What you are asked to do: Every record below should be repeated word for word, with the pictures left out.
-- -- --
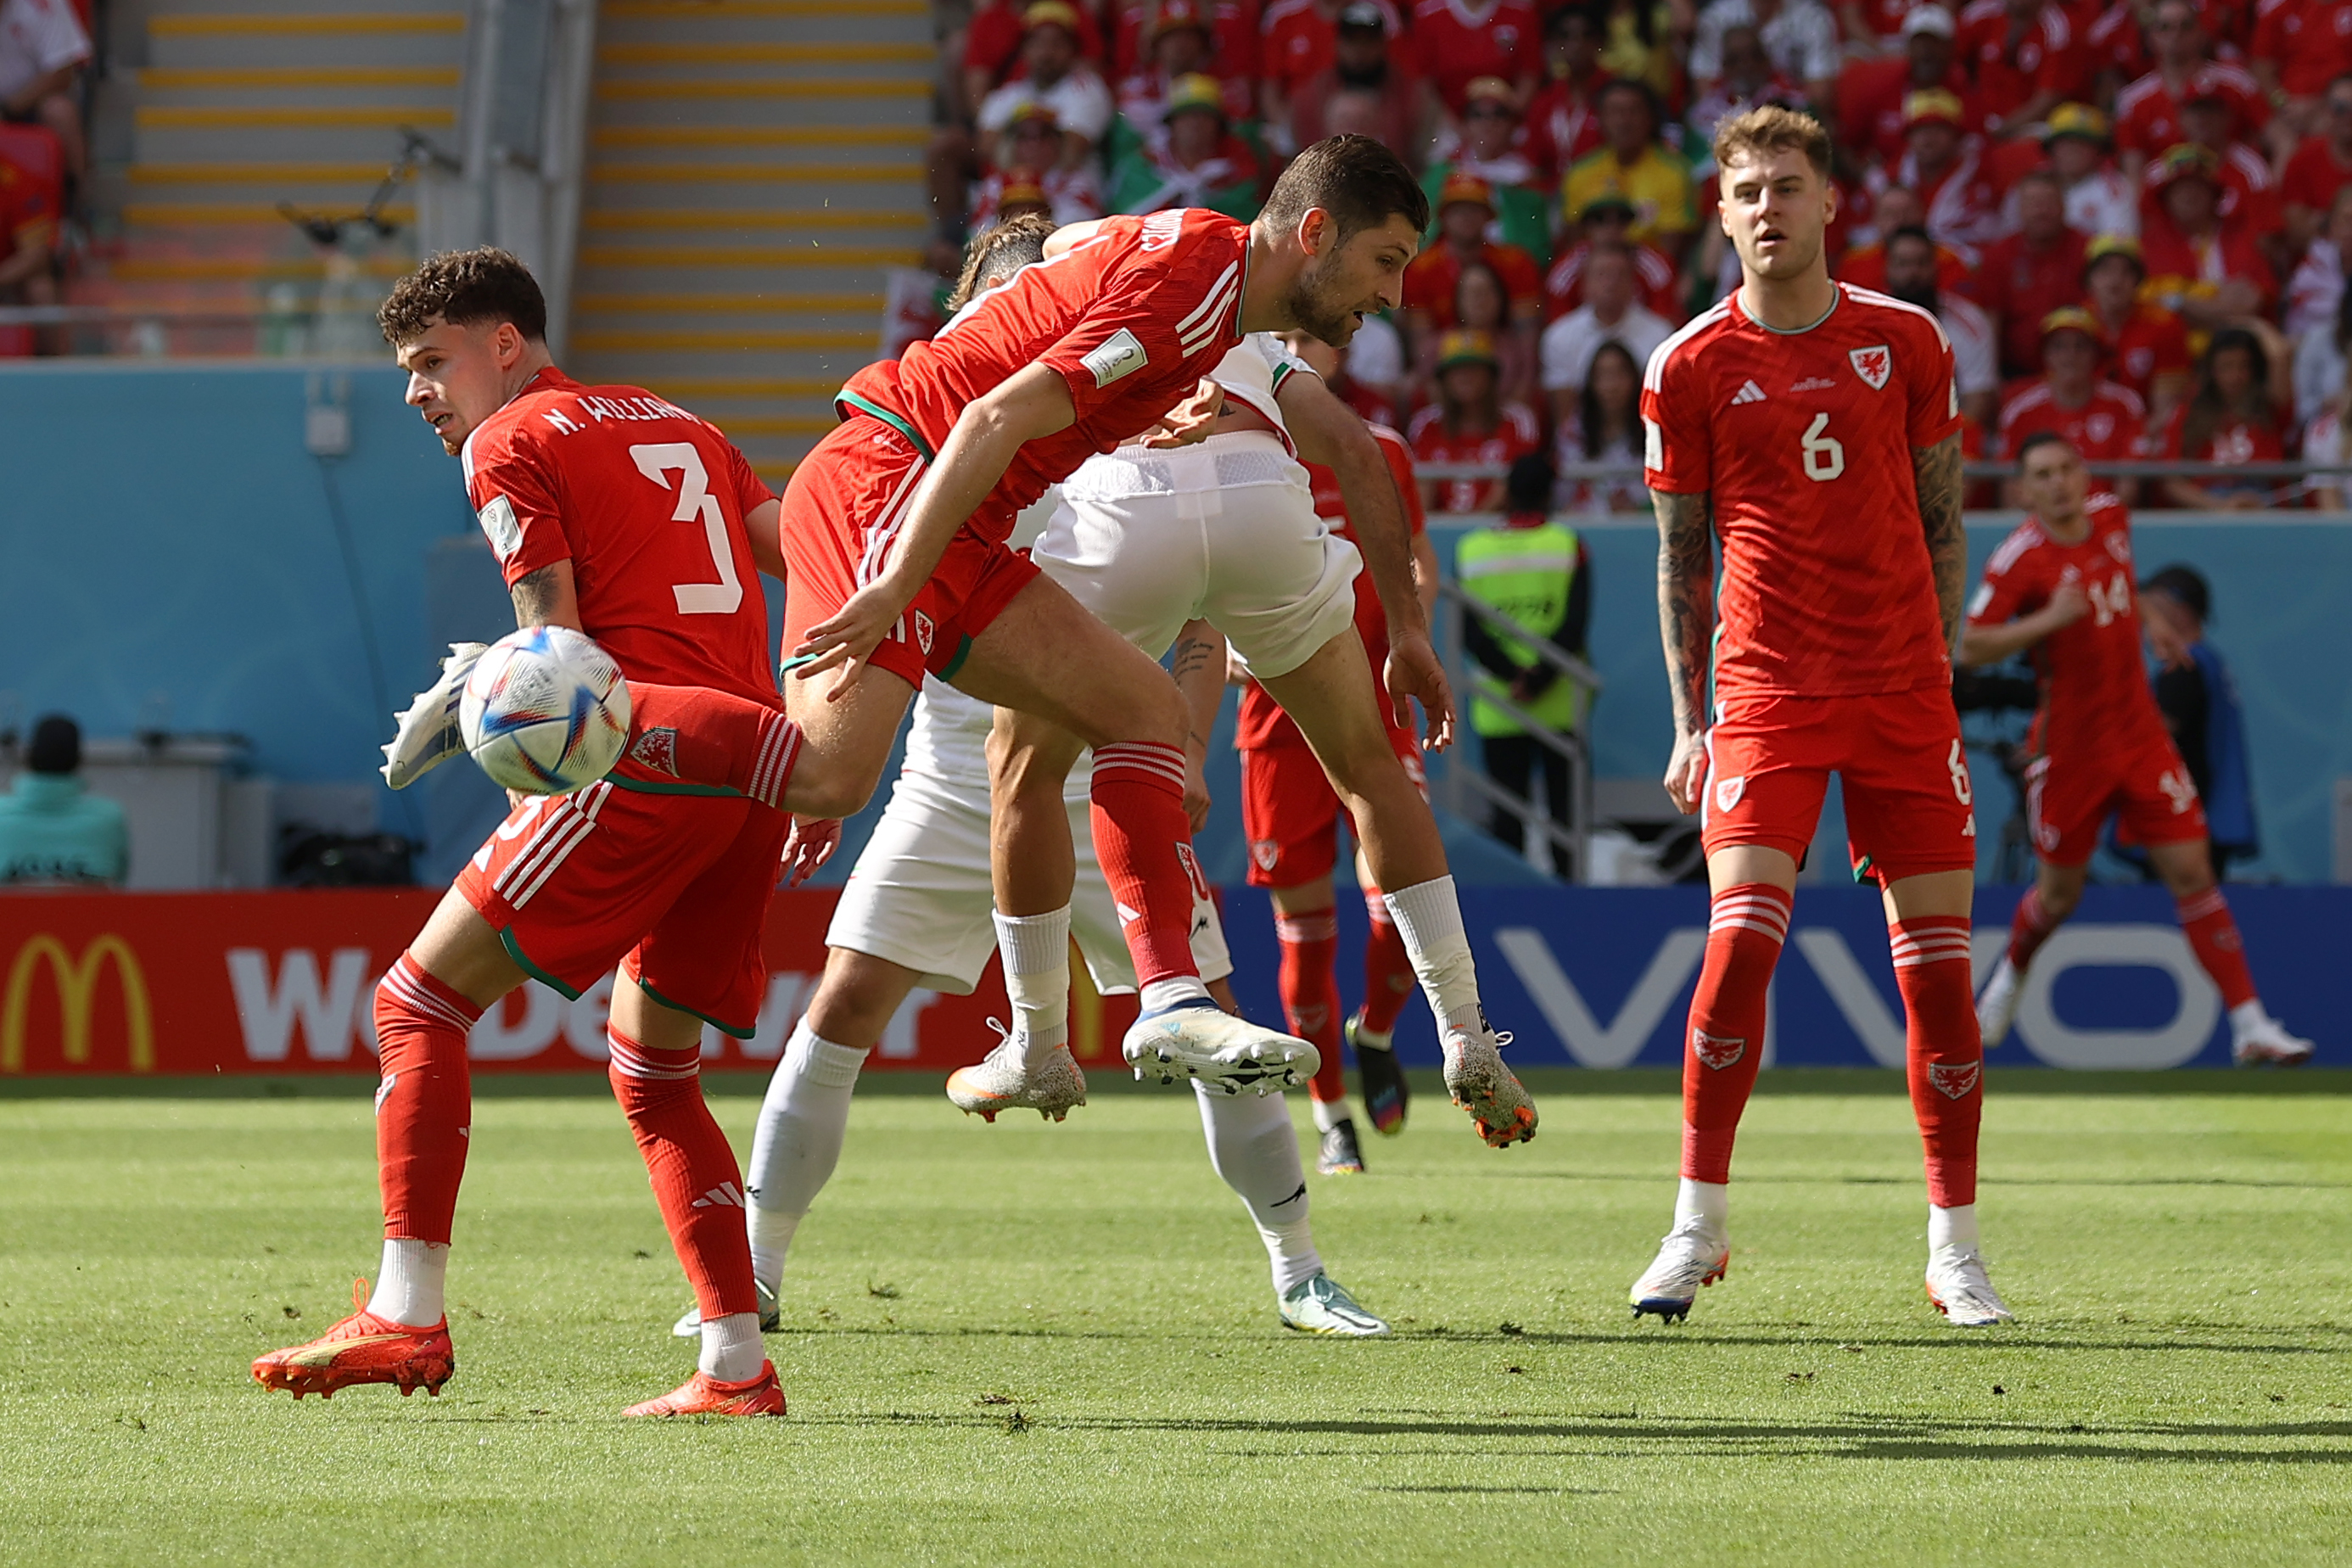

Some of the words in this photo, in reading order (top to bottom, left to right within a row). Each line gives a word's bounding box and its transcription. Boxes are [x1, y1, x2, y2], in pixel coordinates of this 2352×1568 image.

[540, 408, 586, 436] N.
[1800, 412, 1845, 482] 6
[628, 442, 743, 614] 3
[2086, 570, 2131, 627] 14
[1947, 737, 1972, 805] 6
-- -- --
Response for this exercise:
Some of the words in this photo, in reading order (top to bottom, left to right within a row). Each line gives a word's bounding box and its transcription. Boxes are [x1, y1, x2, y2], in pixel coordinates of this 2352×1568 image.

[540, 408, 586, 436] N.
[1800, 412, 1845, 482] 6
[628, 442, 743, 614] 3
[2086, 570, 2131, 627] 14
[1947, 737, 1972, 805] 6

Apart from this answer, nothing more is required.